Some parts of the collage: as a boy, listening to stories told by a Korean War vet uncle and neighbors about hand-to-hand fighting with young Chinese soldiers wearing tennis shoes on their frozen feet at Chosin Reservoir; as a teen, accounts of Mao Zedong’s chaotic Cultural Revolution, its purges and Red Guards; in middle age, the visual of a man standing in front of a column of tanks the morning after protestors were cleared from Tiananmen Square.
As recently as a decade ago, my wife and daughter returned from a week visiting friends in Shanghai and Beijing with tales of wonder (cosmopolitan Shanghai, the Forbidden City, the Great Wall) and tales of caution (poor air, bad water, strange food.) Interesting place to visit, maybe; but wouldn’t want to live there.

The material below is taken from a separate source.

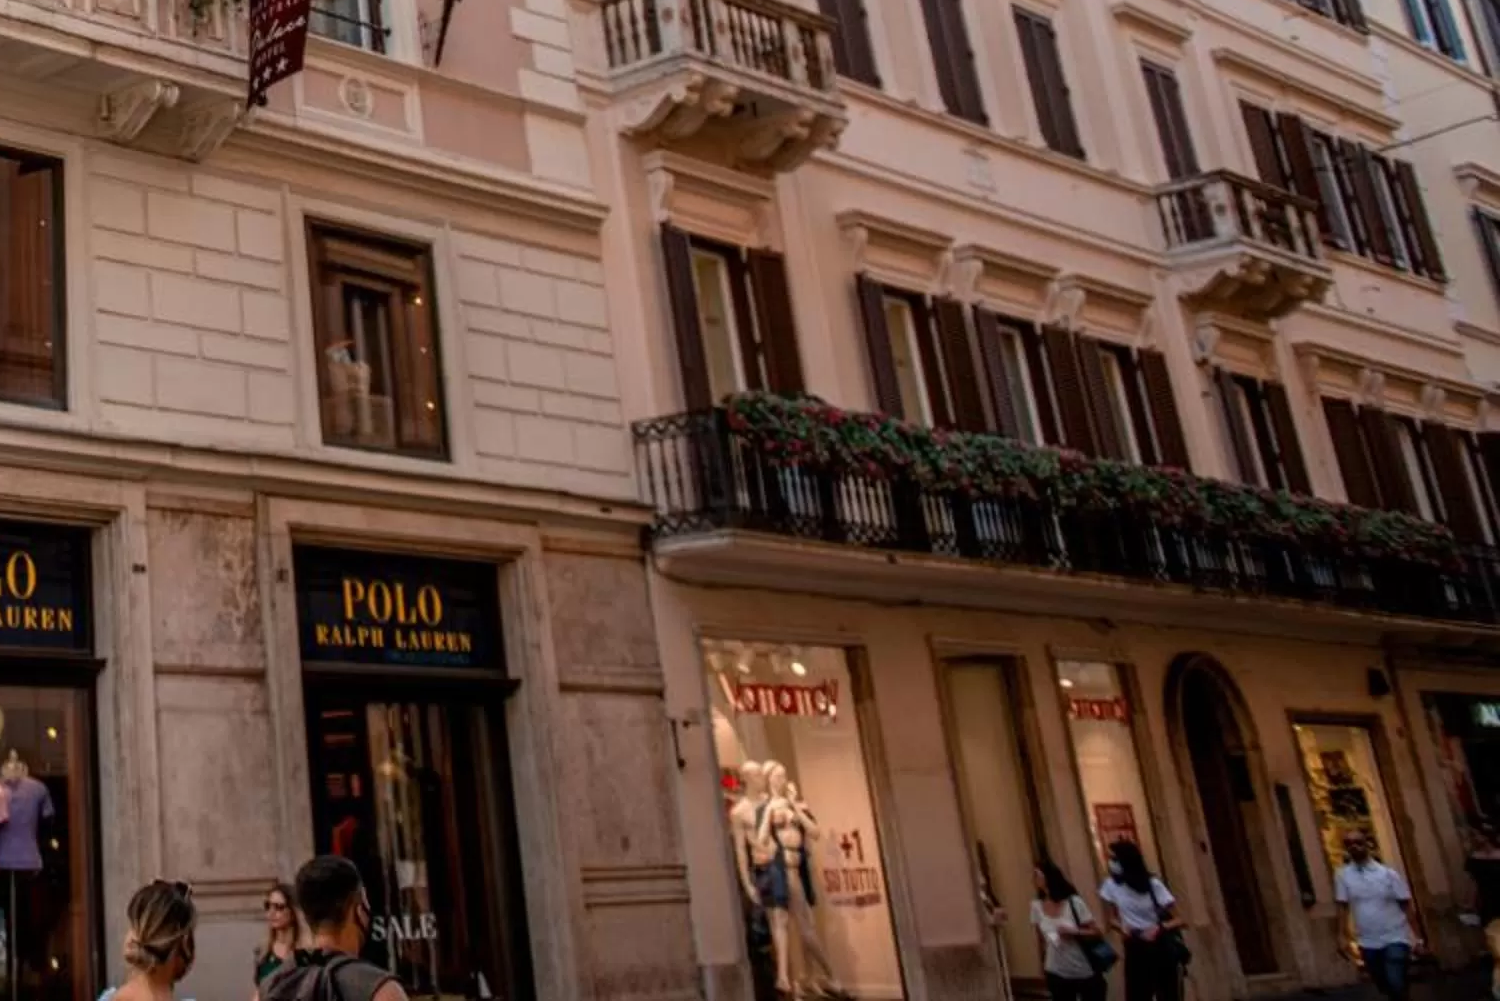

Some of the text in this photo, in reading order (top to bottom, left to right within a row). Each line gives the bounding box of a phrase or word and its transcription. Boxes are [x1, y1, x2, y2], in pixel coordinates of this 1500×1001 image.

[342, 578, 443, 626] POLO
[315, 623, 473, 653] RALPH LAUREN
[371, 912, 438, 942] SALE

But, as the overnight adoption of the Internet should have taught me, things can change really fast these days. And so it is with my image of China.

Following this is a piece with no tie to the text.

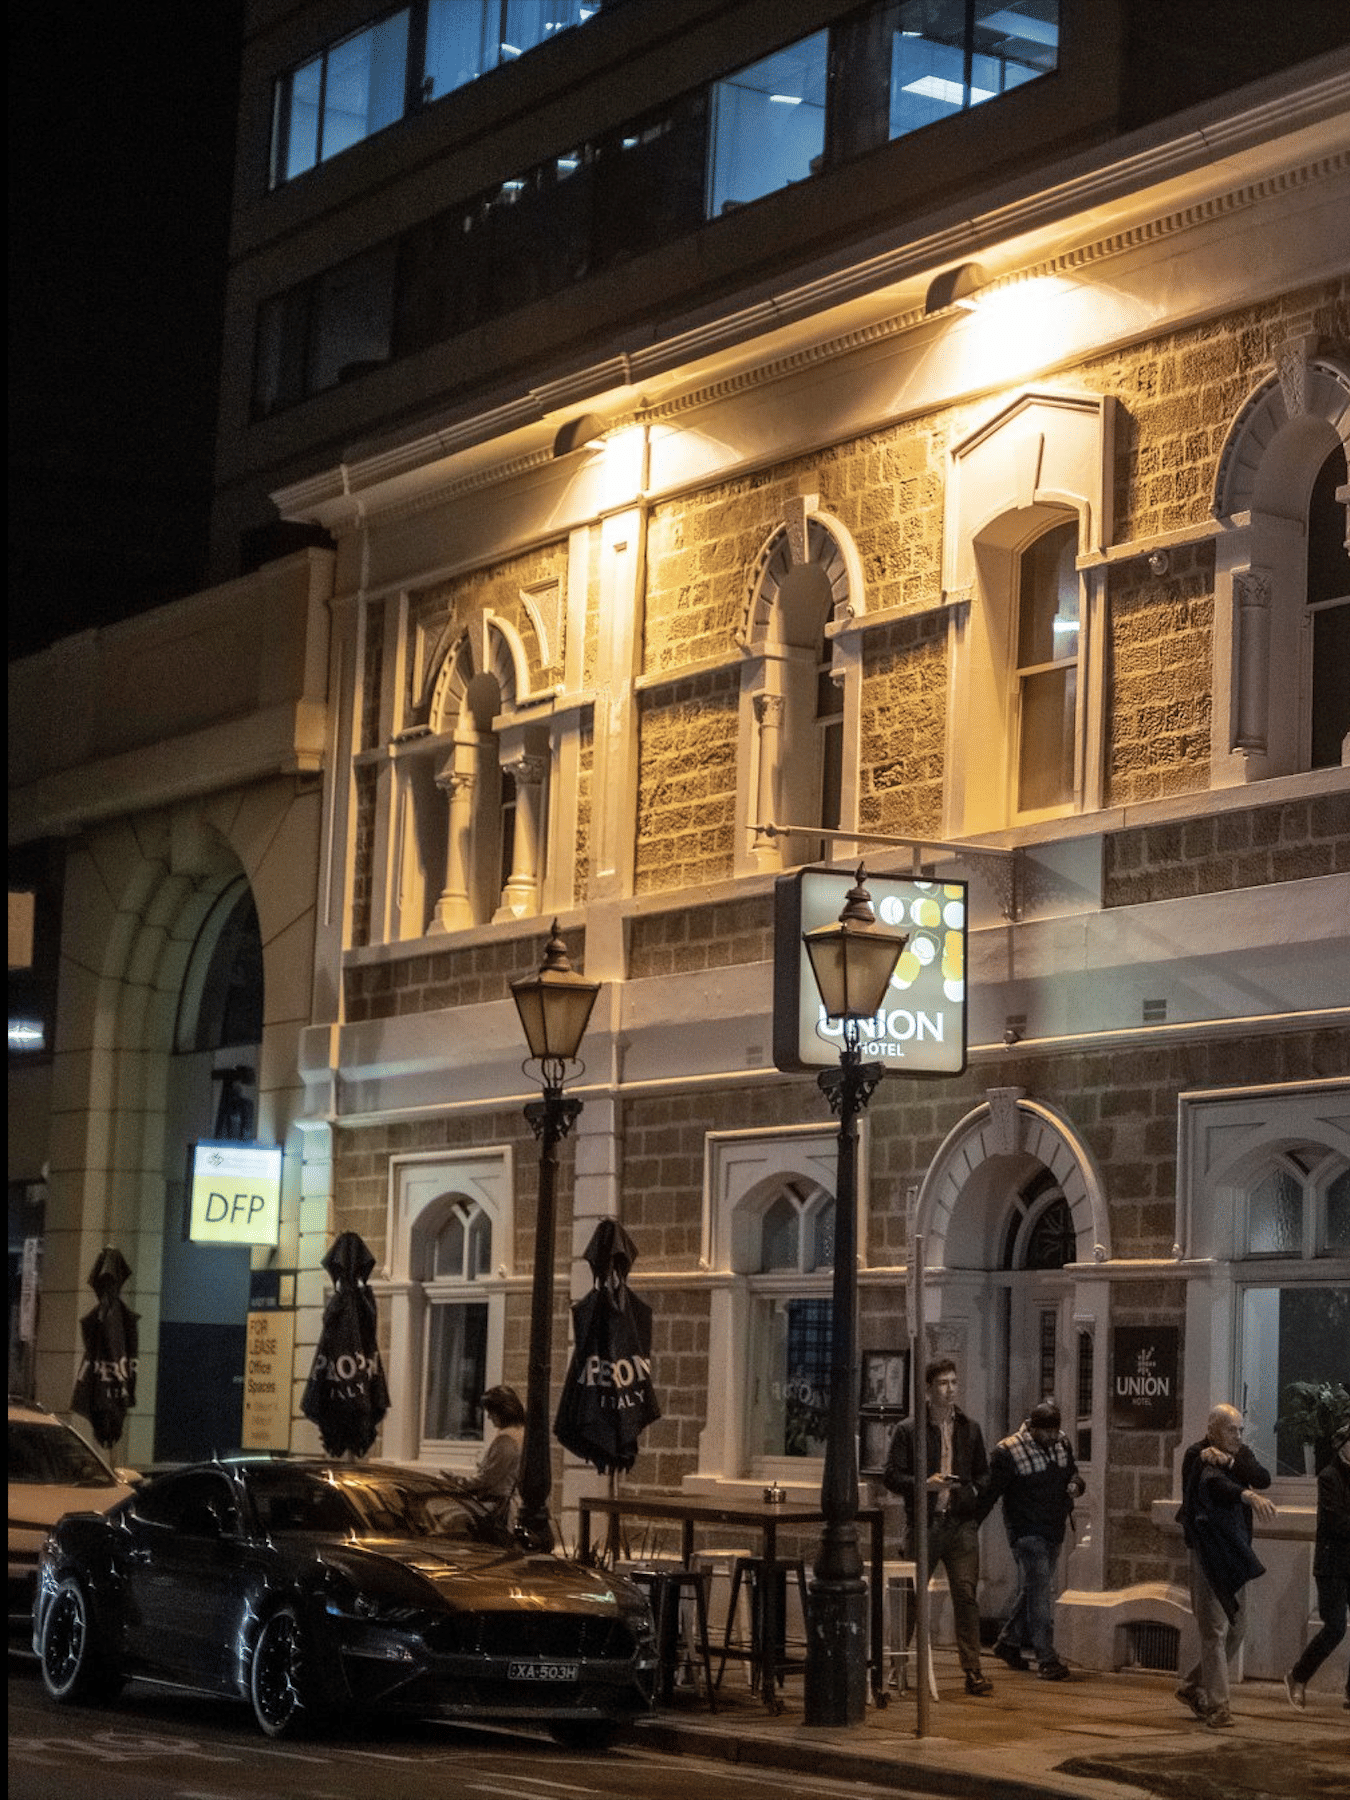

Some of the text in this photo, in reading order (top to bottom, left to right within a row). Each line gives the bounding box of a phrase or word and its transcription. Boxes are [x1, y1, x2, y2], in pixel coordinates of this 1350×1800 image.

As I did research and interviews recently for a BioWorld Today series on the state of China’s biotech industry called Biotech’s Emerging Giant, I was intrigued by the “sea turtle” phenomenon – thousands of Chinese scientists with advanced education and experience in the West returning home to teach and advance high-value enterprises, among them biotechnology. I wondered why anyone with advanced degrees from some of America’s best universities, good jobs with U.S. pharmas and biotechs, and prospects for a comfortable life, would willingly swap life in the U.S. for China?
People like sea turtle George Chen – an MD who has an MBA from University of Pennsylvania’s Wharton School, post-grad medical training at New York Medical College and a tour with Eli Lilly and Co. and was recently named chief medical officer for Beijing-based biotech start-up BeiGene Ltd. ‑ had the answer: opportunity.
Chen’s opportunity list: China has huge unmet medical needs coupled with a rapidly expanding elderly population; it needs effective, affordable medicines for diseases prevalent or unique to China; government-mandated healthcare reform and investment are creating life-sciences opportunities; rapid urbanization and industrialization are fueling economic expansion; there is rapid growth in the life-science talent pool, R&D funding and enabling infrastructure; there are favorable government policies and financial support; and, multinational pharmas are externalizing therapeutics R&D.
Some estimate that there are as many as 80,000 sea turtle scientists like Chen, give or take an advanced degree. Those I interviewed said that returning to China was a chance to do better work, faster work, fulfill a dream and take advantage of an opportunity.
The fact that the sea turtles view China, and not the U.S., as their preferred land of opportunity, is not lost on U.S. biotech executives like Acorda Therapeutics Inc. founder and CEO Ron Cohen and Vertex Pharmaceuticals Inc. founder and director Joshua Boger, who have visited China this year and, in Boger’s case, has a business partnership there.
Both were struck by the investment, optimism, speed, quality, creativity and commitment they saw – in biotech and in general – while there. Cohen said his impression was “shock and awe,” adding that the contrast with a U.S. grappling with economic, educational and infrastructure challenges was scary.
So, I’ve adjusted my image of China, as other Americans undoubtedly have.
But maybe America’s image of China will be less important, going forward, than China’s image of America.